When respiration is measured by an abdominal or chest belt, it is recorded with a significant delay. The breath has already passed the larynx, the site to be observed, by the time the measurement can detect a change. A more accurate measurement would have been possible in using nasal cannulas or by placing invasive probes, i.e., a flow probe in the larynx. This interventional procedure has not been used in children.

The patient group investigated in this pilot study is small and comes from only one hospital.
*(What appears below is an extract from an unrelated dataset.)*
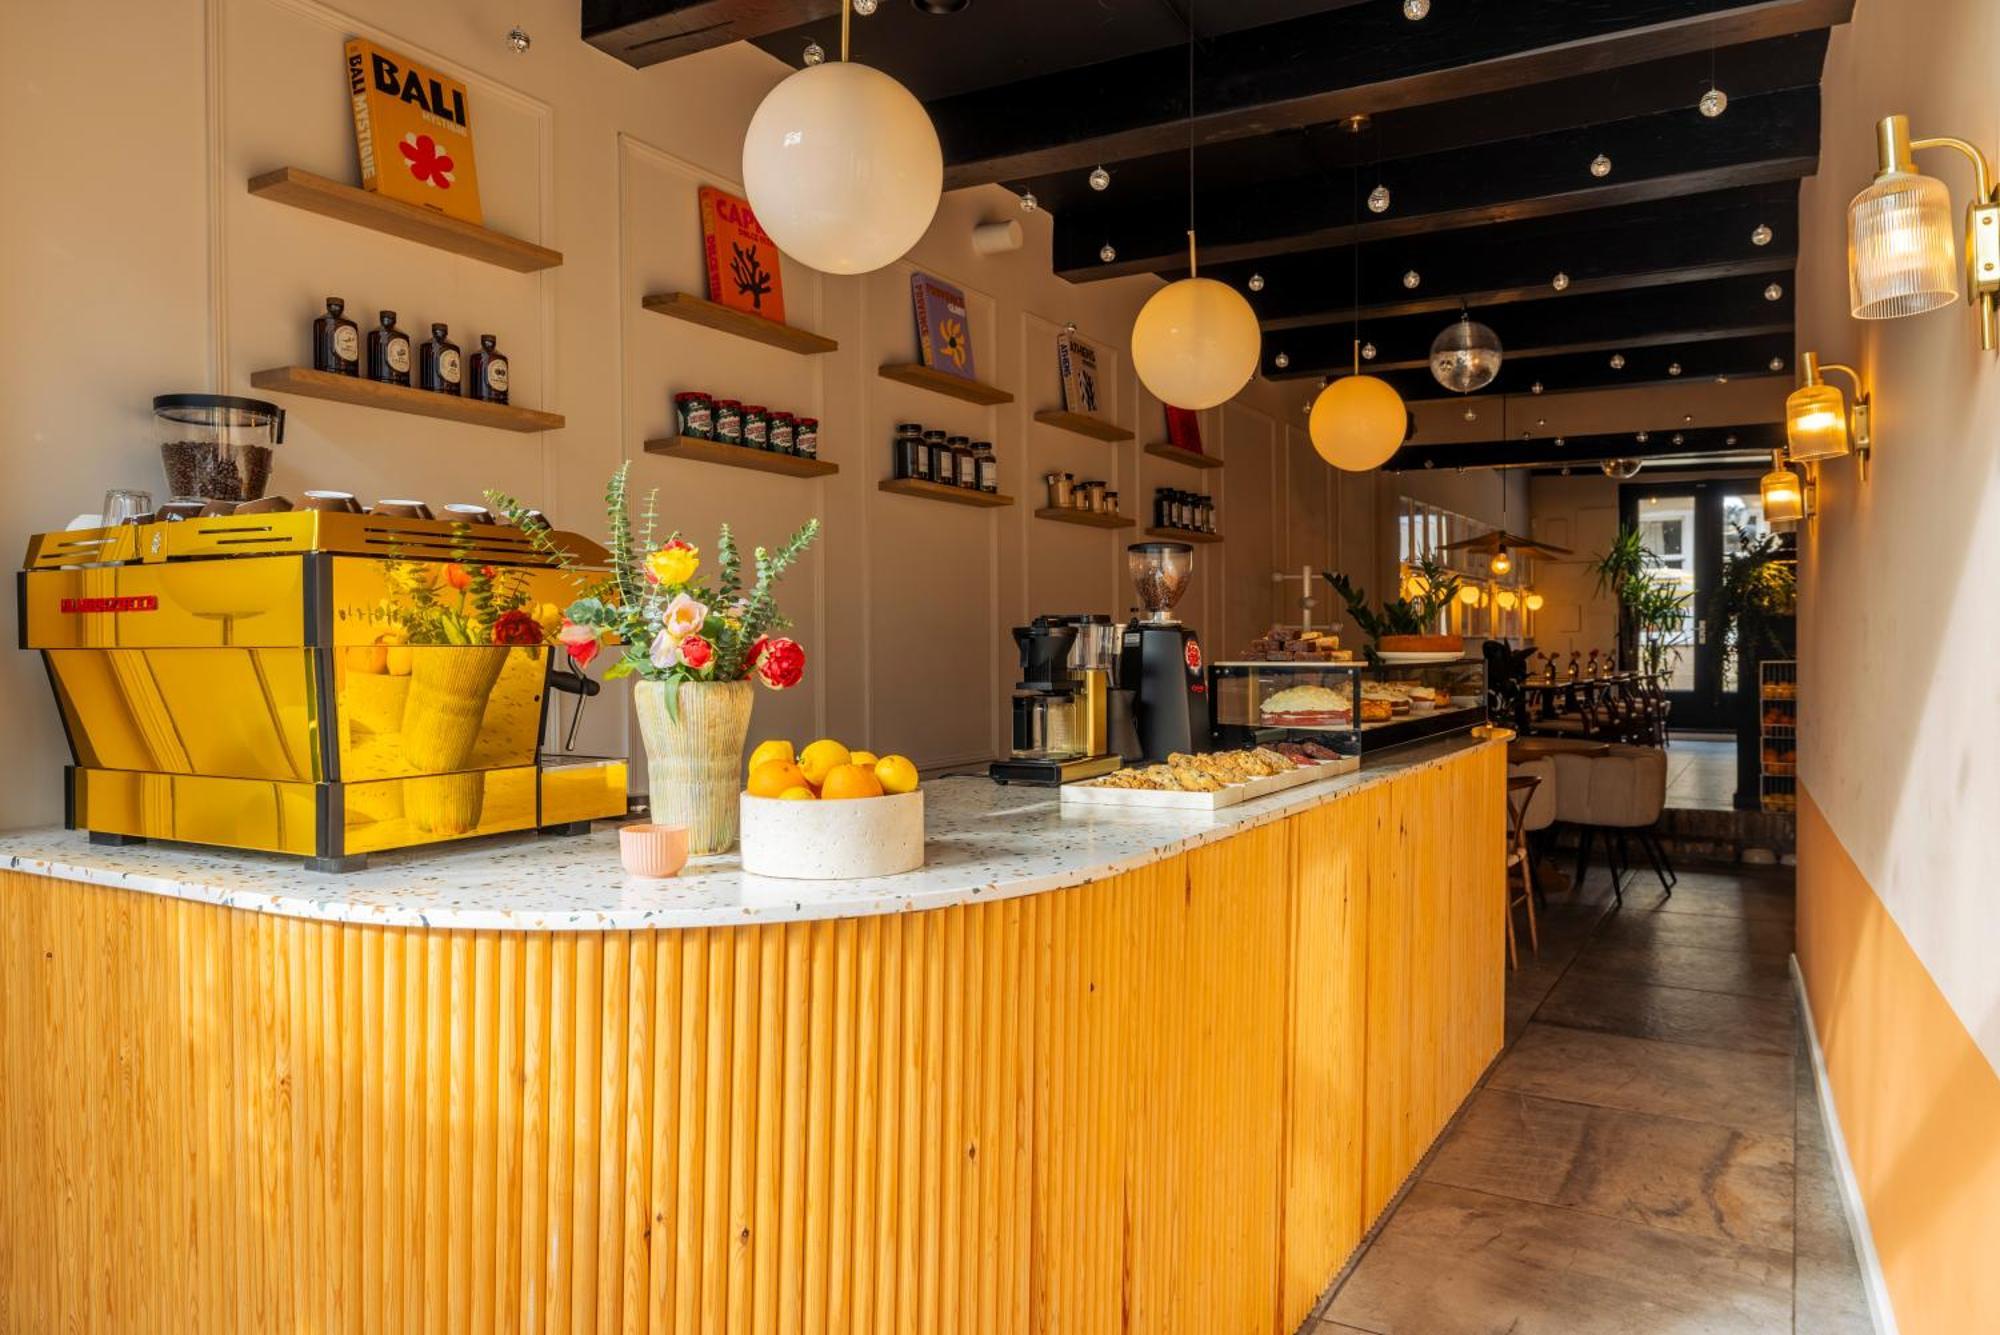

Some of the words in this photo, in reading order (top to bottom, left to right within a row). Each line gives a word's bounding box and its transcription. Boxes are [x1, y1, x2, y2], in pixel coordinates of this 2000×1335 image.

[349, 54, 366, 95] BALI
[372, 53, 466, 127] BALI
[352, 95, 376, 179] MYSTIQUE
Further studies now need to be multicenter with larger patient groups.

Conclusion

The measurement method used for the first time in this study enables the recording and evaluation of continuous swallowing and breathing patterns during feeding in newborns and preterm infants without restricting or stressing the swallowing process or the infant. Our data shows no differences in critical aspects of the swallowing process between the groups studied: extension and velocity of pharyngeal closure throughout the whole feed are comparable in both groups. The differences between the groups appear to be due to differences in muscle strength that negatively affect the timing and duration of swallowing and respiration. The preterm infant fatigues more quickly. This is why the quality, efficiency, and safety of the coordination of swallowing and breathing deteriorates at an earlier stage in the feeding of preterm infants. Further studies are needed to determine which adapted feeding methods can minimize these differences to support safe and efficient feeding of preterm infants.